Data records:

——————

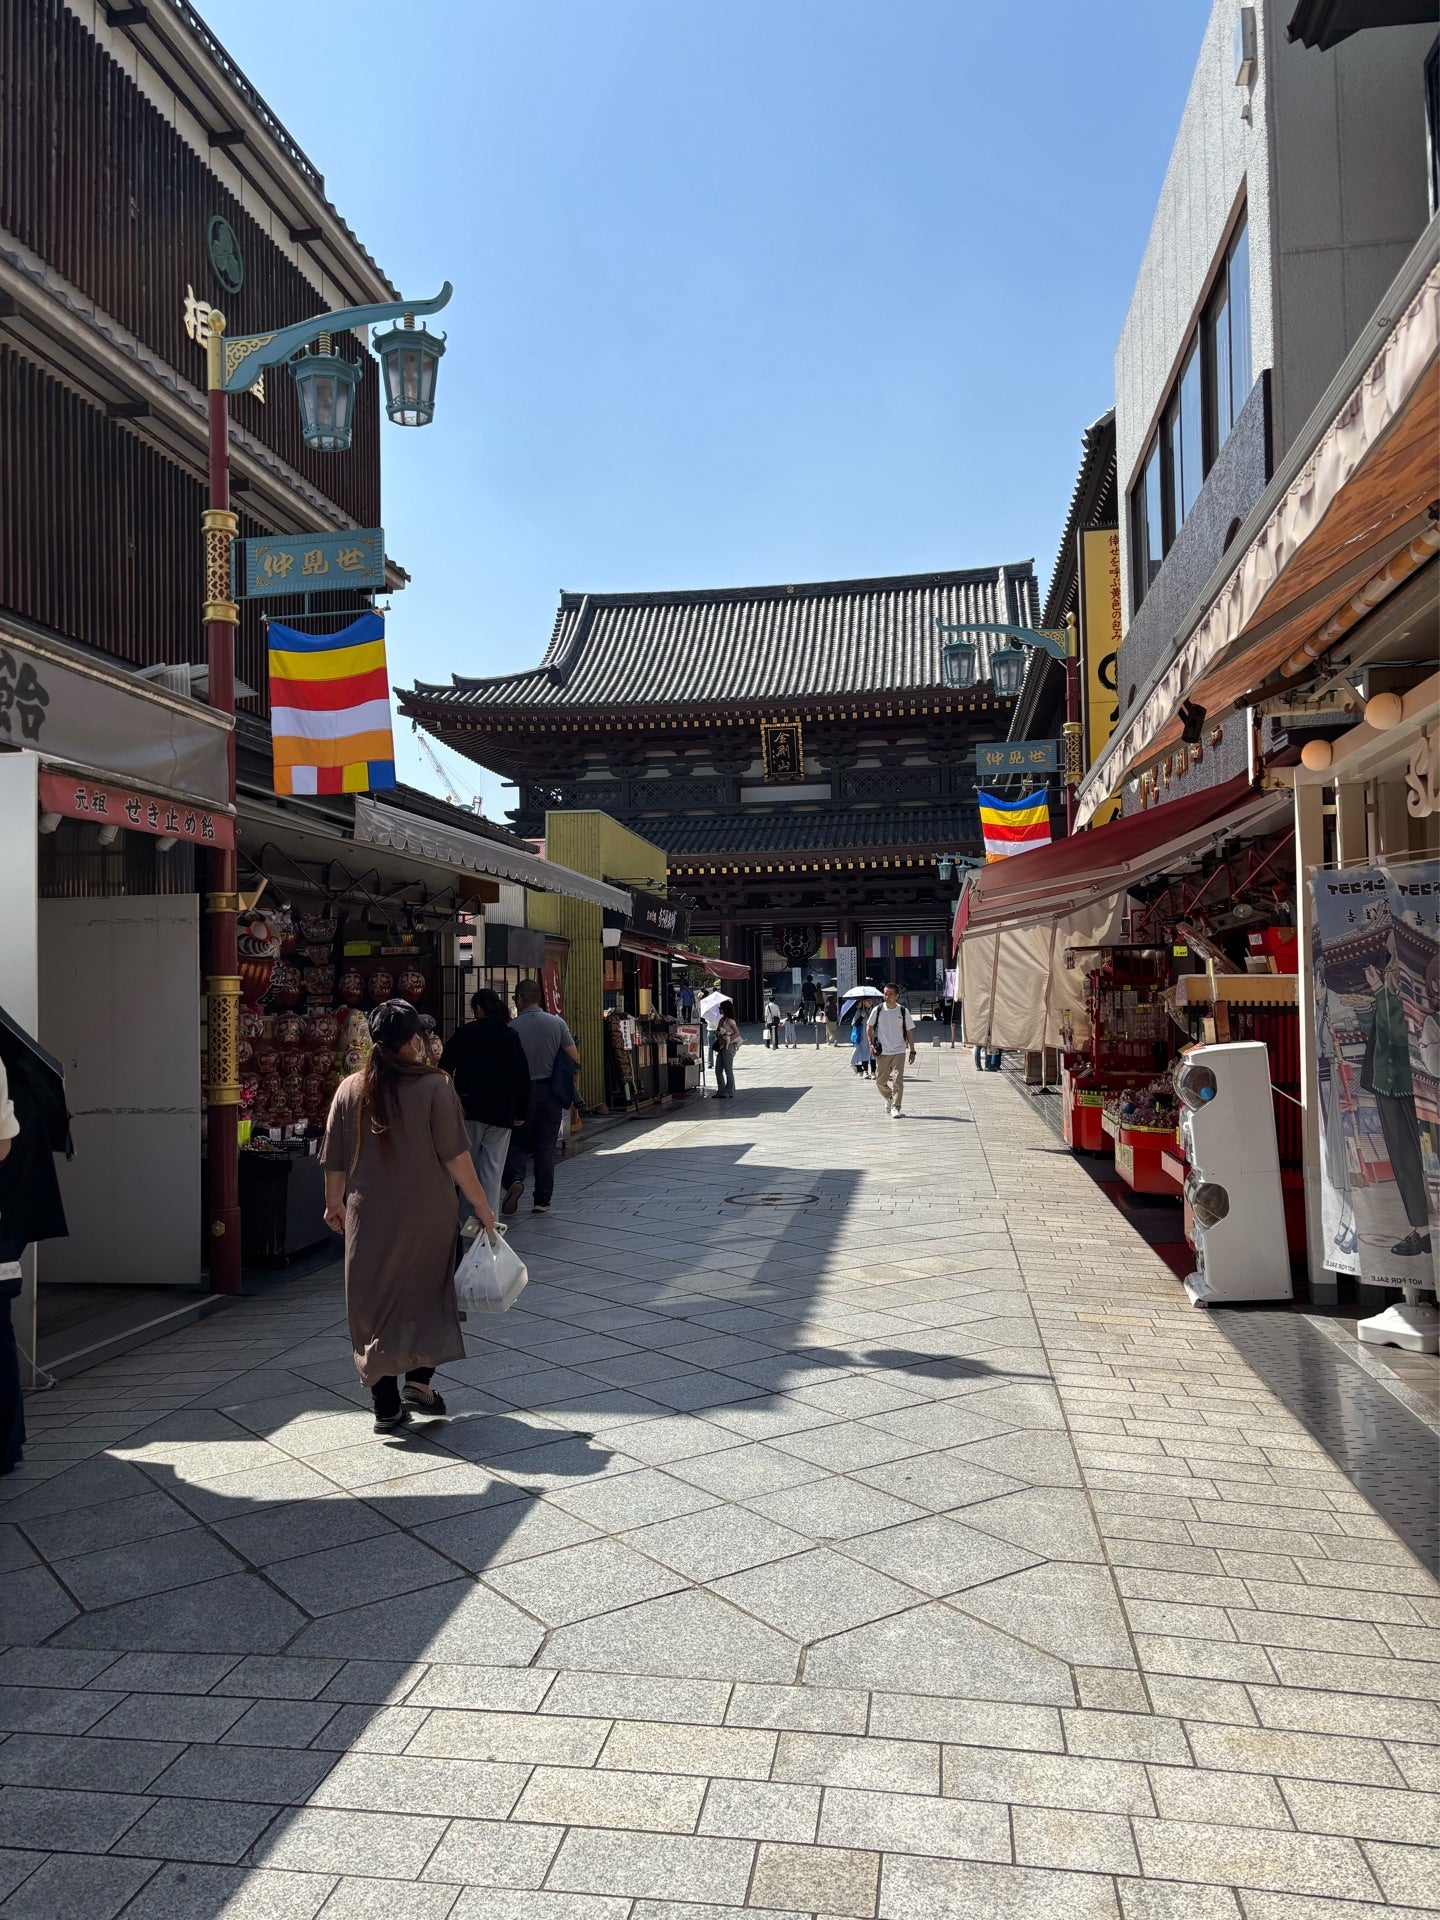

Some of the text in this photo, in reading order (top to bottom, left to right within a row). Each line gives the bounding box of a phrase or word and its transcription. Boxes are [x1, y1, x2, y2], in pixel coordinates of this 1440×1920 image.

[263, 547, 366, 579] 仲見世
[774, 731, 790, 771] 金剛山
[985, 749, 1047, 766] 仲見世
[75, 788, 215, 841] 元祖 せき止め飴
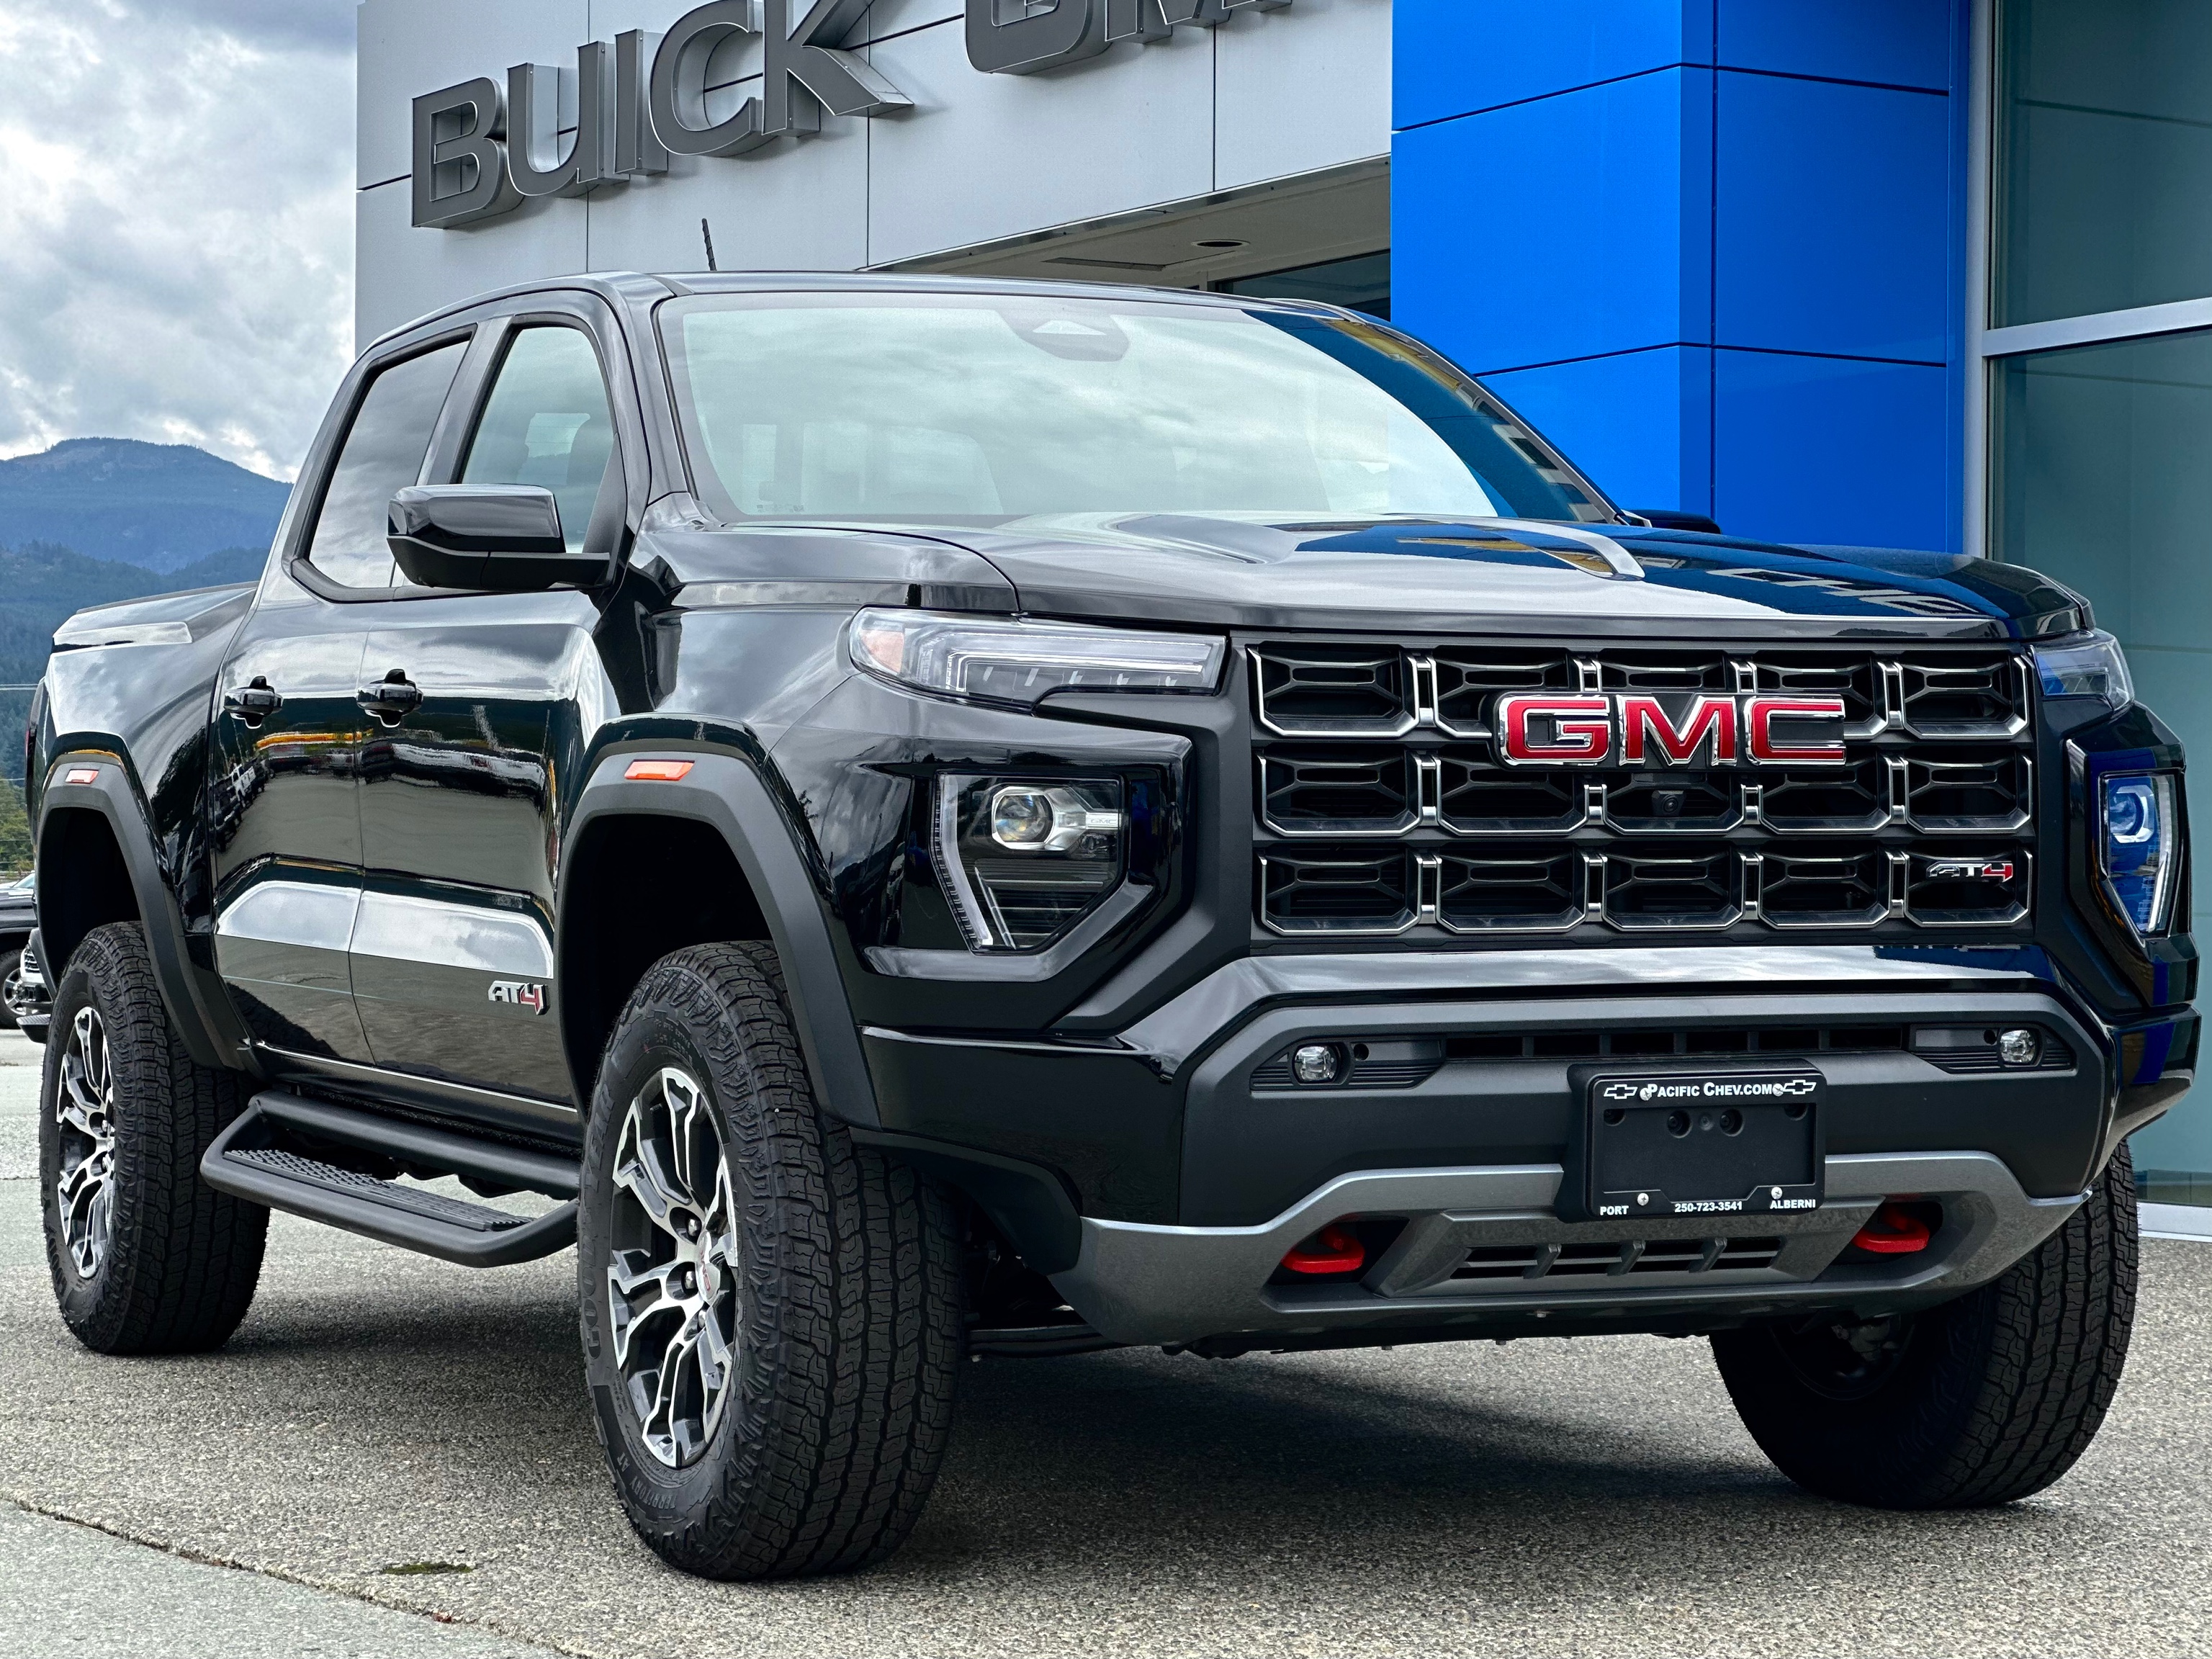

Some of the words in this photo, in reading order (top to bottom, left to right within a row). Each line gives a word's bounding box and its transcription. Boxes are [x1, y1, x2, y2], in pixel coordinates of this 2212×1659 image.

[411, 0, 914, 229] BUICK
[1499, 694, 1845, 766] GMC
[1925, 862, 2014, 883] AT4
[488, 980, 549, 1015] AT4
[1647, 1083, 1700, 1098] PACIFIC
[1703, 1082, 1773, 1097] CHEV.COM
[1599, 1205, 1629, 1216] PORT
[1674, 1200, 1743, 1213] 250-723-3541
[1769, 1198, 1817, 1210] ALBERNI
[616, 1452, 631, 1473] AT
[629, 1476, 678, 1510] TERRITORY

——————

Your reply should hold every line above exactly as written and none of the pictures.

TASK SOLUTION:
Some of the text in this photo, in reading order (top to bottom, left to right within a row). Each line gives the bounding box of a phrase or word and its transcription. Boxes are [x1, y1, x2, y2], in pixel coordinates of this 1440×1920 image.

[263, 547, 366, 579] 仲見世
[774, 731, 790, 771] 金剛山
[985, 749, 1047, 766] 仲見世
[75, 788, 215, 841] 元祖 せき止め飴

Some of the words in this photo, in reading order (top to bottom, left to right within a row). Each line gives a word's bounding box and its transcription. Boxes are [x1, y1, x2, y2], in pixel coordinates of this 2212×1659 image.

[411, 0, 914, 229] BUICK
[1499, 694, 1845, 766] GMC
[1925, 862, 2014, 883] AT4
[488, 980, 549, 1015] AT4
[1647, 1083, 1700, 1098] PACIFIC
[1703, 1082, 1773, 1097] CHEV.COM
[1599, 1205, 1629, 1216] PORT
[1674, 1200, 1743, 1213] 250-723-3541
[1769, 1198, 1817, 1210] ALBERNI
[616, 1452, 631, 1473] AT
[629, 1476, 678, 1510] TERRITORY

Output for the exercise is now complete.